RECORDS FOR THE TASK »
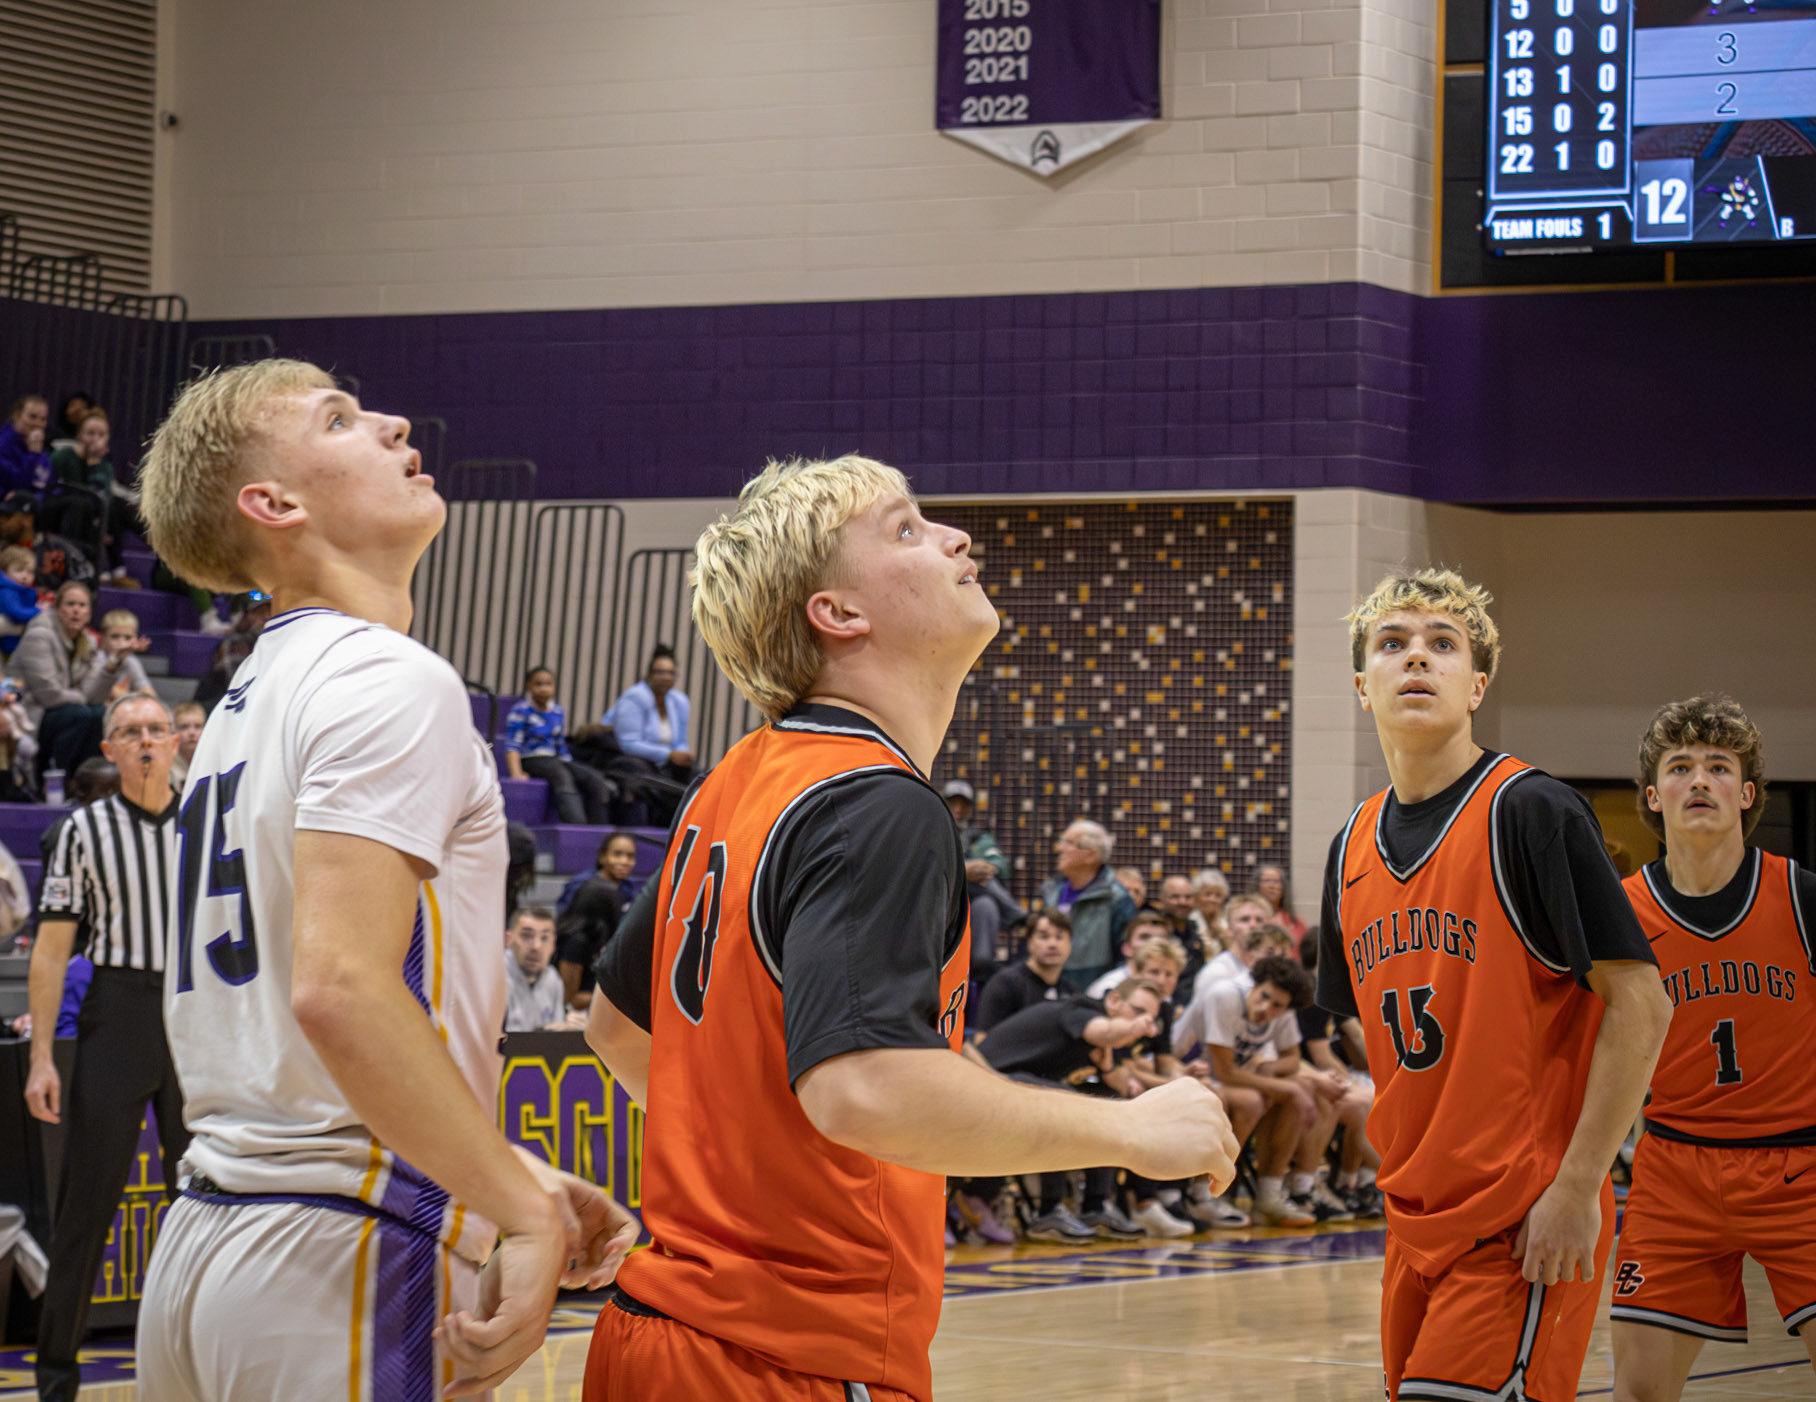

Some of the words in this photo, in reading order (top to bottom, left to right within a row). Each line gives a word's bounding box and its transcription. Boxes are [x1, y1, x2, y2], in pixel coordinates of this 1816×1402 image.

[964, 0, 1030, 20] 2015
[1510, 0, 1529, 20] 5
[963, 26, 1032, 55] 2020
[1503, 28, 1535, 59] 12
[1554, 26, 1574, 56] 0
[1598, 23, 1617, 54] 0
[1717, 31, 1738, 66] 3
[964, 54, 1029, 85] 2021
[1502, 66, 1534, 97] 13
[1555, 64, 1571, 94] 1
[1597, 62, 1617, 92] 0
[960, 94, 1029, 123] 2022
[1716, 82, 1739, 115] 2
[1502, 105, 1534, 136] 15
[1553, 102, 1573, 133] 0
[1597, 101, 1616, 131] 2
[1500, 143, 1534, 174] 22
[1553, 141, 1569, 171] 1
[1596, 139, 1615, 170] 0
[1640, 178, 1687, 225] 12
[1492, 219, 1534, 240] TEAM
[1535, 216, 1583, 239] FOULS
[1597, 211, 1612, 240] 1
[1780, 216, 1795, 238] B
[177, 760, 259, 994] 15
[1351, 906, 1478, 989] BULLDOGS
[1662, 960, 1797, 1008] ULLDOGS
[1710, 1018, 1743, 1086] 1
[1615, 1260, 1646, 1297] BC

YOUR TASK » Everything in the records must be transcribed exactly, except the pictures, which are left out.

ANSWER TO THIS PROBLEM »
Some of the words in this photo, in reading order (top to bottom, left to right within a row). Each line gives a word's bounding box and its transcription. Boxes are [x1, y1, x2, y2], in pixel coordinates of this 1816×1402 image.

[964, 0, 1030, 20] 2015
[1510, 0, 1529, 20] 5
[963, 26, 1032, 55] 2020
[1503, 28, 1535, 59] 12
[1554, 26, 1574, 56] 0
[1598, 23, 1617, 54] 0
[1717, 31, 1738, 66] 3
[964, 54, 1029, 85] 2021
[1502, 66, 1534, 97] 13
[1555, 64, 1571, 94] 1
[1597, 62, 1617, 92] 0
[960, 94, 1029, 123] 2022
[1716, 82, 1739, 115] 2
[1502, 105, 1534, 136] 15
[1553, 102, 1573, 133] 0
[1597, 101, 1616, 131] 2
[1500, 143, 1534, 174] 22
[1553, 141, 1569, 171] 1
[1596, 139, 1615, 170] 0
[1640, 178, 1687, 225] 12
[1492, 219, 1534, 240] TEAM
[1535, 216, 1583, 239] FOULS
[1597, 211, 1612, 240] 1
[1780, 216, 1795, 238] B
[177, 760, 259, 994] 15
[1351, 906, 1478, 989] BULLDOGS
[1662, 960, 1797, 1008] ULLDOGS
[1710, 1018, 1743, 1086] 1
[1615, 1260, 1646, 1297] BC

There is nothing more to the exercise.